As discussed above, the Army has not determined that an equivalent stand cannot be used. It has simply determined that Purdy does not yet possess such a test stand, and that there is insufficient time for the protester to modify and test such a stand and to meet the urgent delivery schedule. It has also determined that only Sikorsky, which does possess a test stand that is apparently identical to those specified with the exception of the part number (which were manufactured by Sikorsky), can meet the requirement. Since Purdy does not even have an equivalent test stand, the Army's allowance of Sikorsky to use an "equivalent" stand provides no basis for us to question the order. American Mut. Protective Bureau, Inc., B-229967, Jan. 22, 1988, 88-1 CPD Para. 65.

The protest is denied.

1. A DMWR is essentially a government-furnished instruction manual which describes the operations, procedures, and practices required to overhaul and repair a particular item. A DMWR sometimes requires special tooling/test equipment to accomplish the overhaul. Unless the tooling is governmentfurnished, a contractor must provide it, and the government must test the tooling to ensure that it meets the required testing parameters.

2. According to Army Regulation 385-40, para. 4-6, a Class B accident involves either property damage and personnel injuries of more than $100,000 but less than $500,000, or an injury resulting in permanent partial disability or hospitalization of five or more personnel in a single occurrence.

3. For example, gearboxes in use for less than 800 hours are to be removed within the next 100 hours.

4. Despite Purdy's arguments to the contrary, it is not clear that Purdy's price would actually be substantially lower than Sikorsky's.
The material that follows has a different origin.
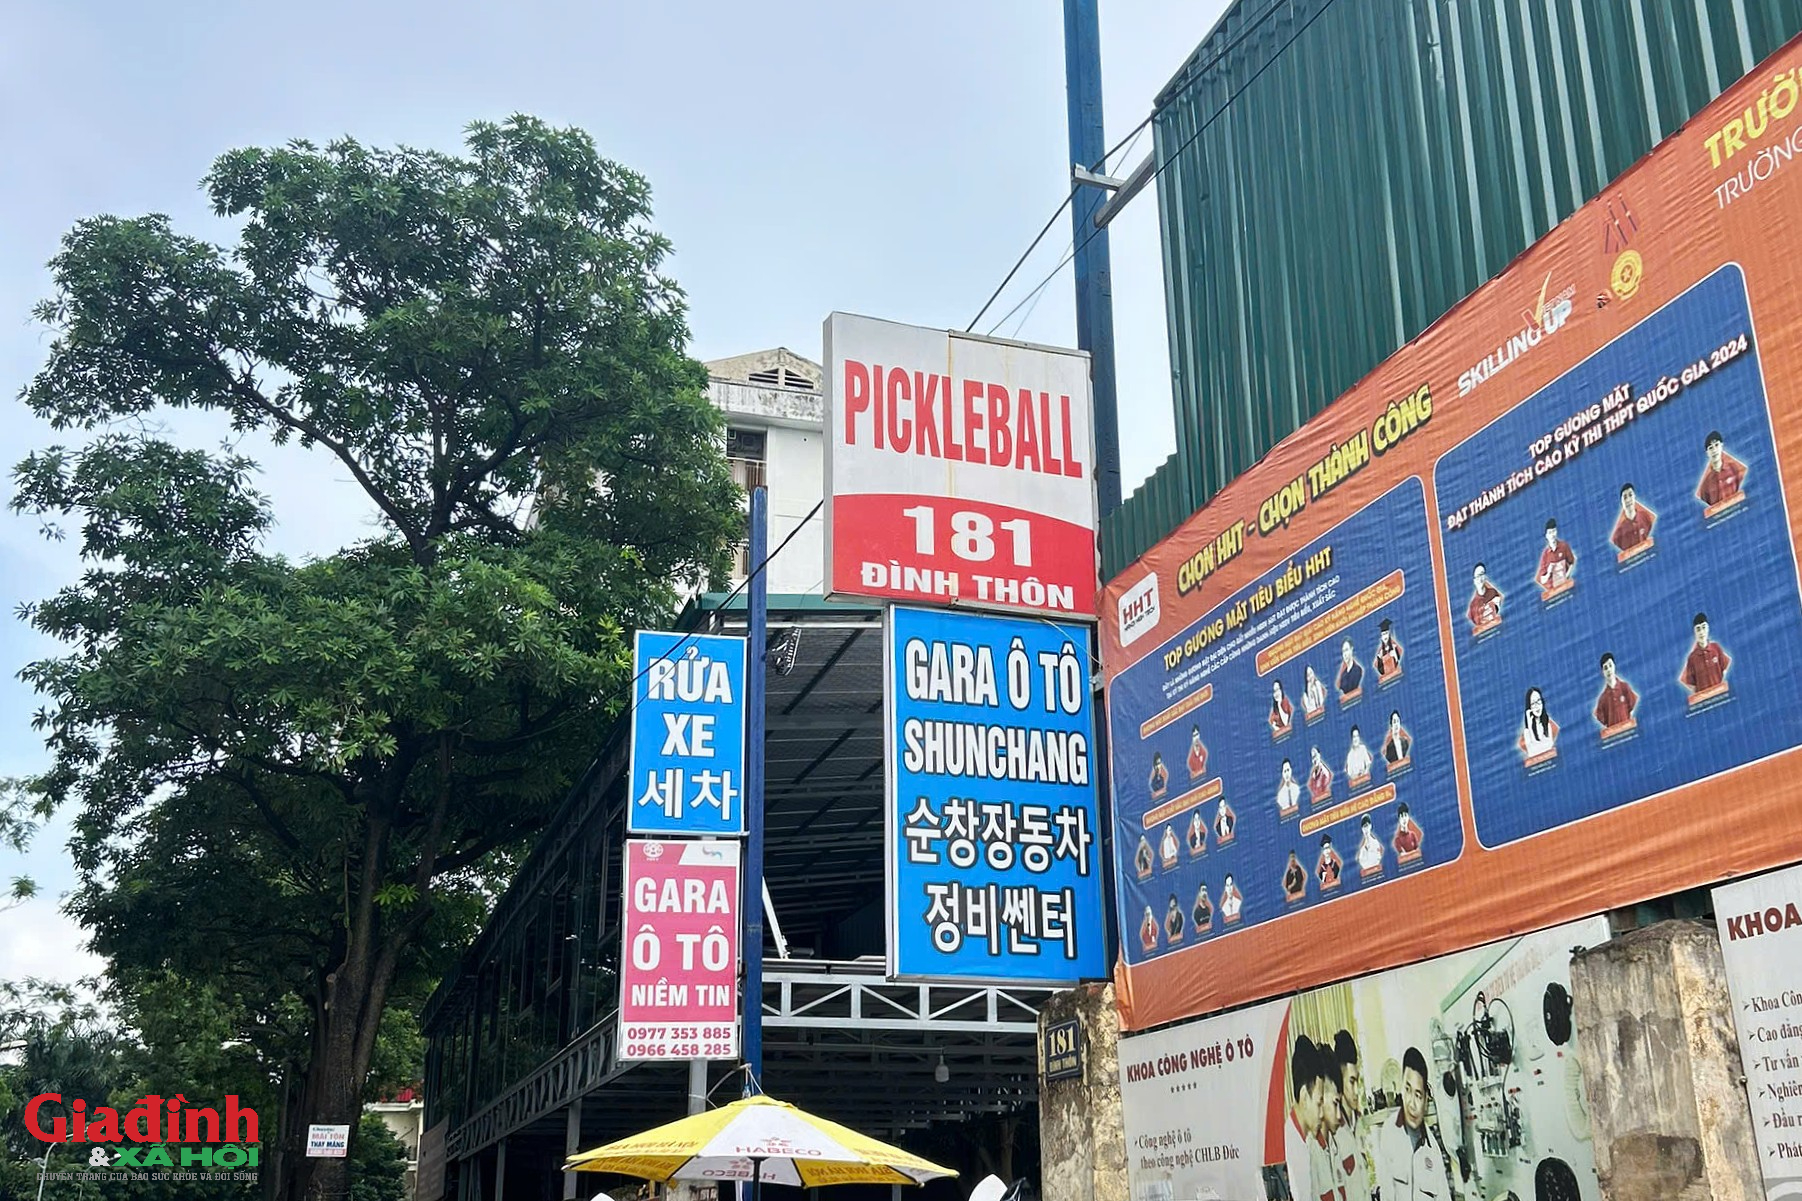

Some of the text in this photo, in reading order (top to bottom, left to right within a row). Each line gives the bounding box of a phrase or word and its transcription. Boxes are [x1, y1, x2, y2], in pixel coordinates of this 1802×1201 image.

Purdy's argument is based on a comparison of its quoted unit price with the not-to-exceed unit price quoted by Sikorsky, which is to be negotiated downward. Purdy's comparison is also misleading since its stated unit price does not include the "contractor acquired property" and scrap line item costs in its quote; if those line items were included in Purdy's price, its unit price would be more than $15,000. Further, Sikorsky's last negotiated unit price under its BOA was less than $9,000; thus, once the Sikorsky price is definitized under the BOA, it will not necessarily be significantly higher, and may, in fact, be lower than that quoted by Purdy.

5. Although Purdy asserts that this third test stand is owned by the government and therefore must be made available, there is no evidence which supports this assertion.

6. The Army advises that it is contemplating revision of the DMWR to expressly include equivalent test stands before use in a competitive follow-on procurement.